Simulations were performed using REMD as implemented in Amber version 8. A total of 12 replicas were used for REMD simulations of DPDP at the following temperatures: 260.1, 279.3, 300.0, 322.2, 346.0, 371.6, 399.1, 428.7, 460.4, 494.5, 531.0, and 570.3 K. The number of replicas was chosen so that sufficient energy overlap would be achieved between replicas. The temperature for each replica was generated based on an exponential distribution and chosen so that an exchange acceptance ratio of 0.15 would be achieved. Exchanges between replicas at neighboring temperatures were attempted at an interval of 1 ps. Temperatures were maintained between exchanges by coupling to an external bath using Berendsen’s scheme⁴⁷.

A list of contacts in the β-sheet state (Table 1) were defined from analysis of a low temperature (277 K) 10 ns normal MD run starting from the model 3-stranded sheet structure. Hydrogen bond contacts were included if they existed for more than 70% of the simulation, and side-chain contacts were considered extant if the center of mass of the side-chain (Cα for the glycines) was less than 6.5 Å from another non-neighboring side-chain more than 60% of the time. This procedure is similar to that followed in a study of a different three-stranded β-sheet⁴⁵. Based on these criteria 28 contacts were defined, as listed in Table 1. Cutoffs for Q_H1 and Q_H2 were chosen based on the boundaries of the free energy basins obtained for these order parameters in DPDP (Figure 3). Hydrogen bonds were defined as a distance between hydrogen donor and acceptor of less than 2.5Å. No angle cutoff was used.

Free energy landscapes were calculated from multidimensional histograms according to ΔG_i = -RTln(N_i/N₀), where N_i is the population of a particular histogram bin along the desired coordinates (e.g. fraction of contacts and radius of gyration), and N₀ is the most populated bin, making 0 kcal/mol the lowest free energy state. The free energy curves in Figure 6 were calculated in a similar manner using 1-dimensional histograms. Hairpin X was considered ‘present’ when Q_HX was greater than 0.5.

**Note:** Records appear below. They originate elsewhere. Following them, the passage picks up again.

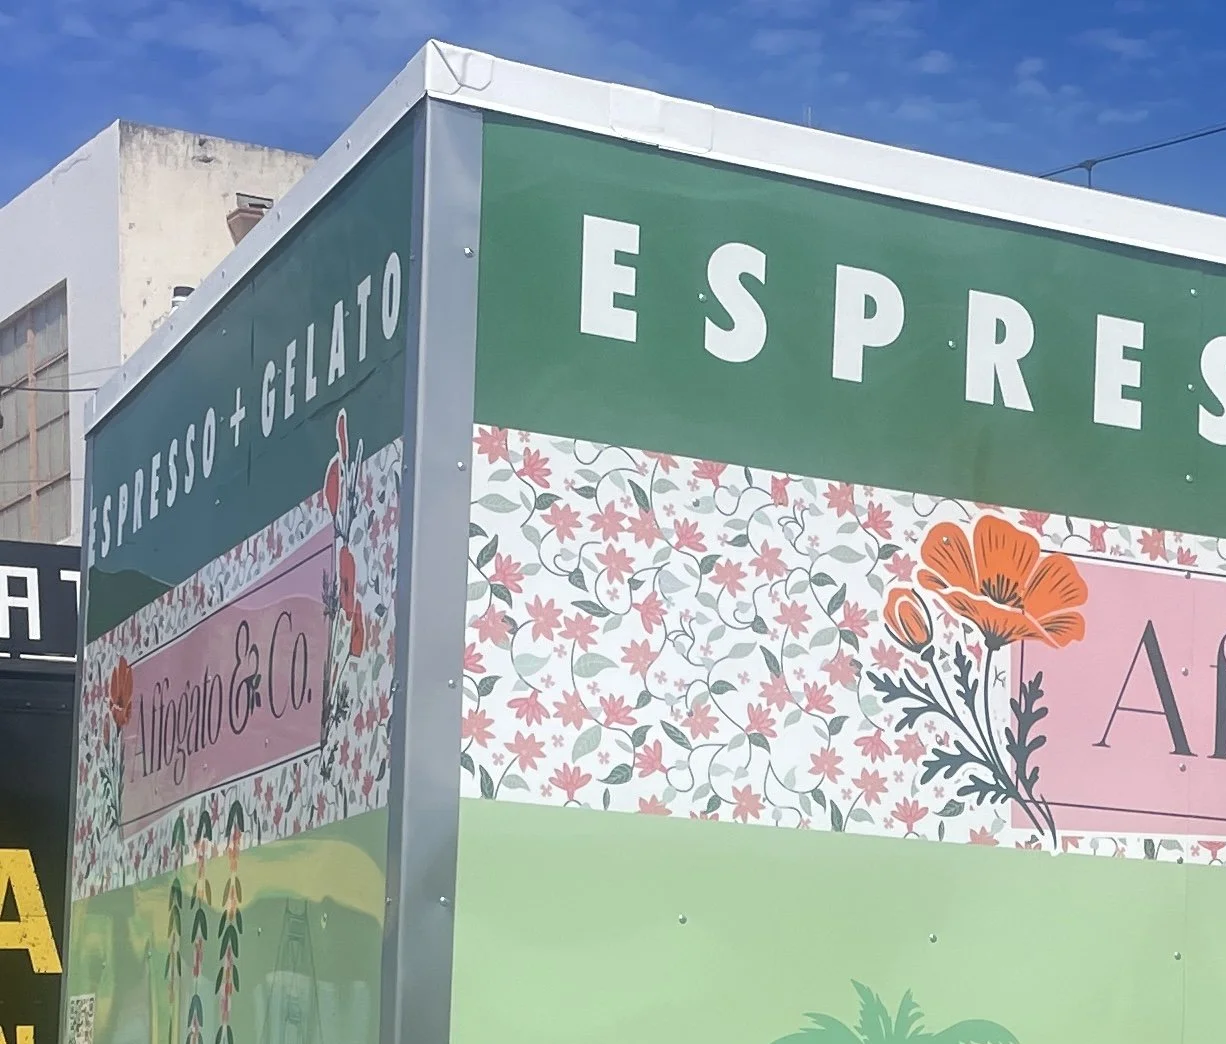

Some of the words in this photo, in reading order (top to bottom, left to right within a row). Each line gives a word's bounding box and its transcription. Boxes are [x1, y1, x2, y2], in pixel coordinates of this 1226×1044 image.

[87, 406, 216, 570] ESPRESSO
[229, 386, 247, 447] +
[260, 251, 403, 438] GELATO
[130, 664, 223, 786] Affogato
[228, 619, 262, 735] &
[268, 610, 312, 719] Co.
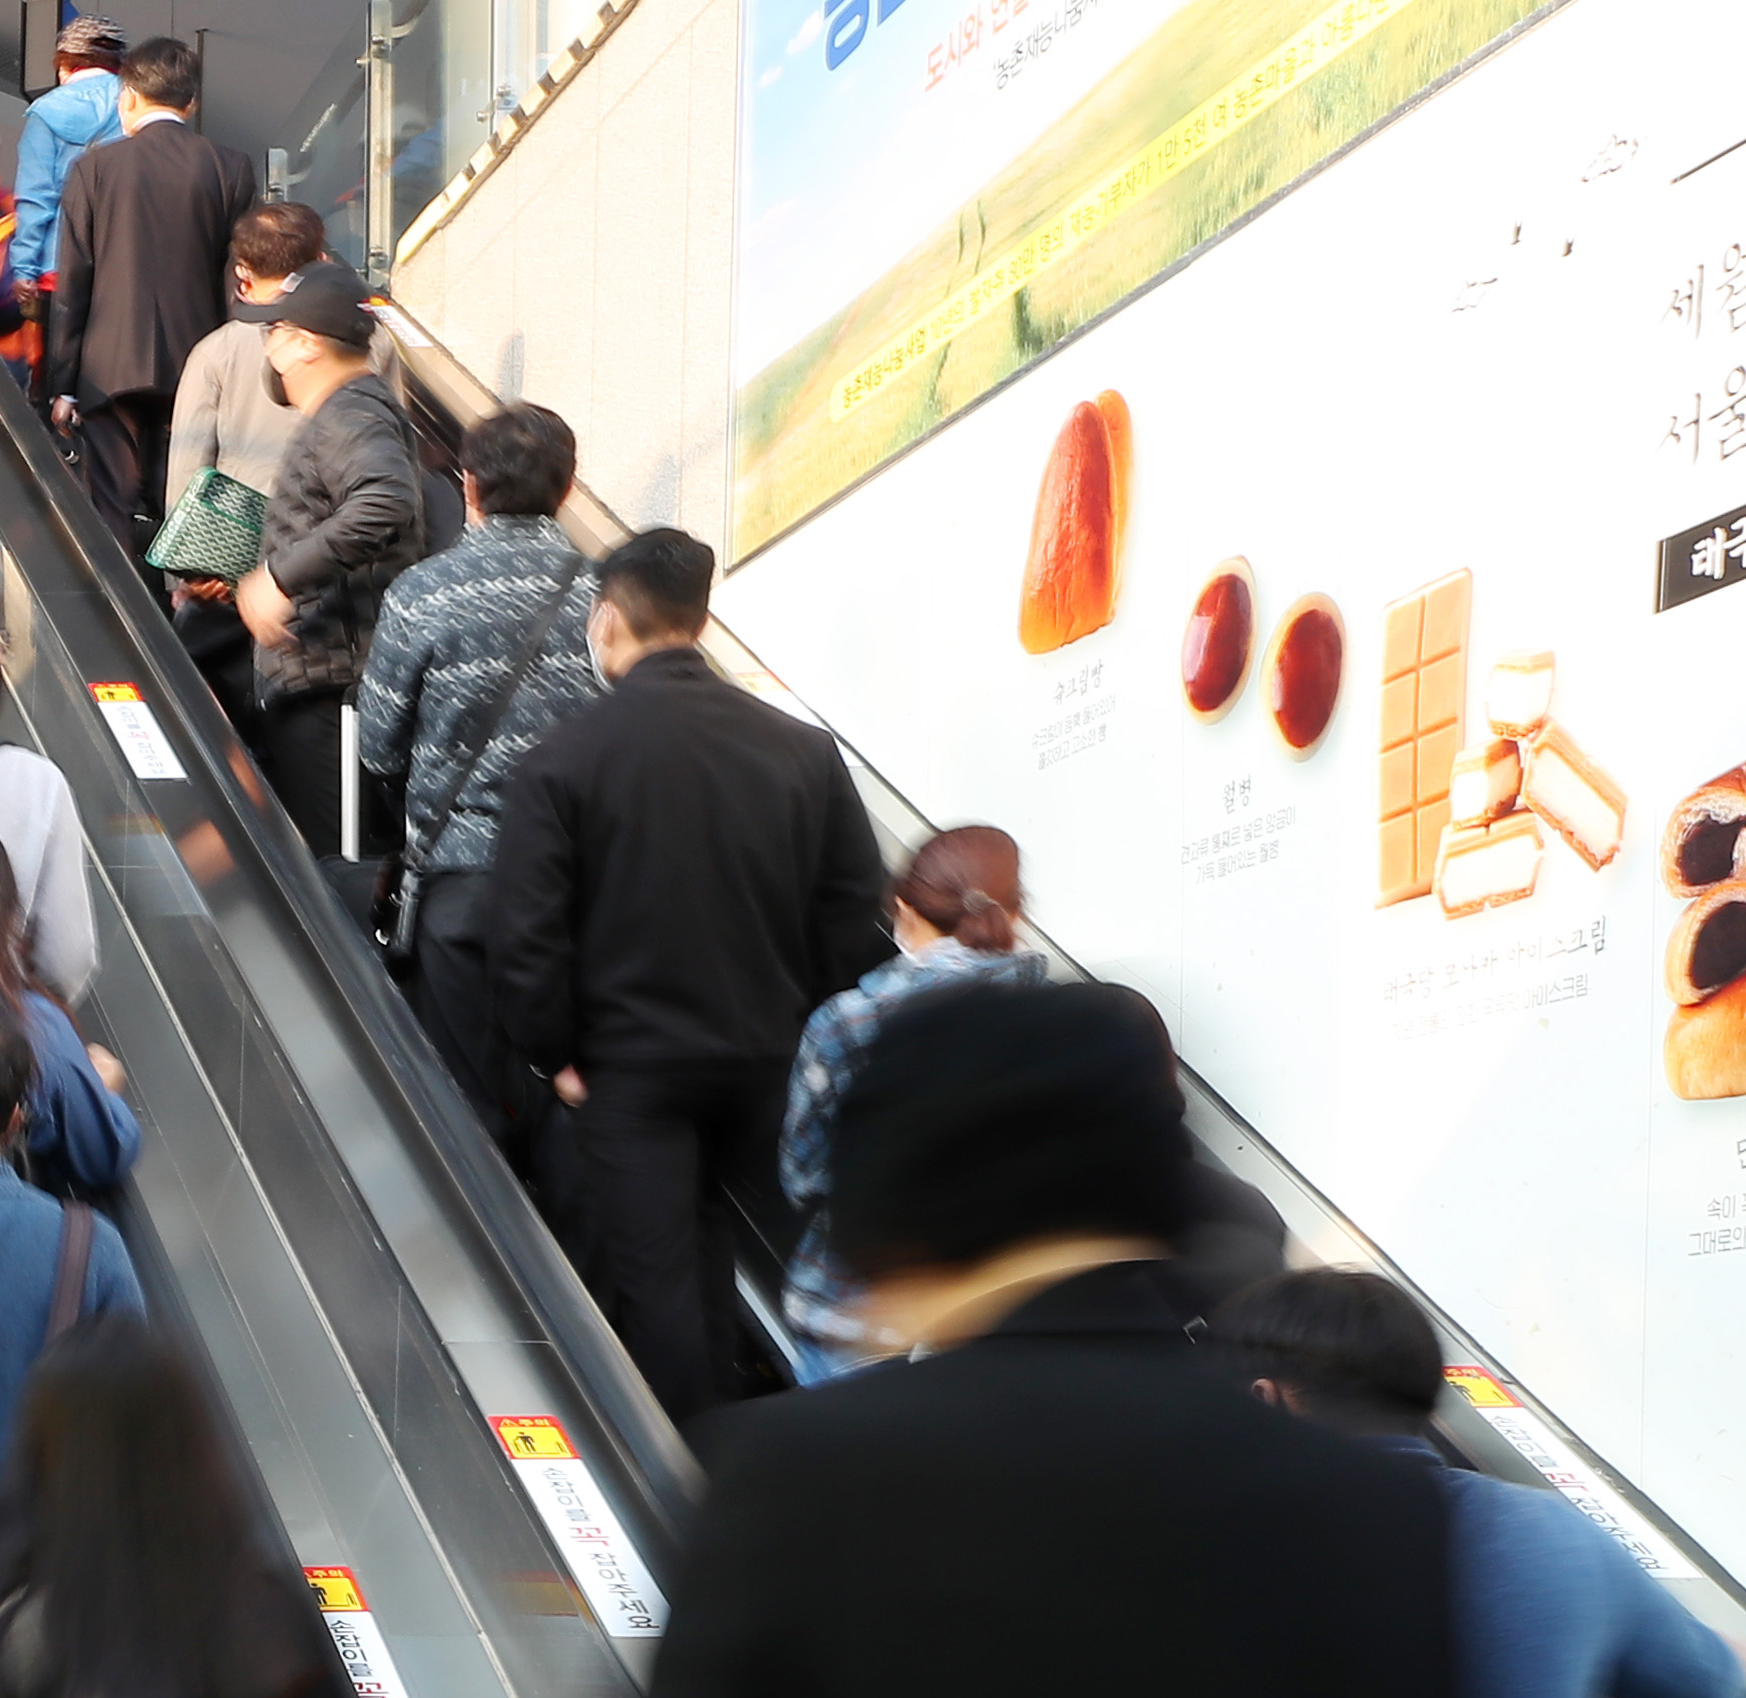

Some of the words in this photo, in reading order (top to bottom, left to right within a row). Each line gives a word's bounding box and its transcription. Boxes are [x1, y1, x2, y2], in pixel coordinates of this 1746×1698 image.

ΔG values for each hairpin state in table 2 were calculated at 279K using ΔG = -RTln(X/N-X). For the data corresponding to the experiments in which the state of the neighboring hairpin was not determined, X is the number of structures with the hairpin of interest present and N is the total number of structures. This corresponds to the net ΔG for formation of the hairpin in the entire ensemble. For the data in which the state of the neighboring hairpin is considered, X is the number of structures with the hairpin of interest present and also with the neighboring hairpin in the specified state (either present or absent). N is the total number of structures with the neighboring hairpin in the specified state. For example, in the case of ΔG for formation of hairpin 2 with hairpin 1 present, X is the number of structures with both Q_H2>0.5 and Q_H1>0.5, while N is the number of structures with Q_H1>0.5.

Uncertainties in these ΔG values were calculated as half the difference between the values obtained from the linear and collapsed simulations. Uncertainties in ΔΔG values were obtained from the square root of the sum of squares of the individual ΔG uncertainties.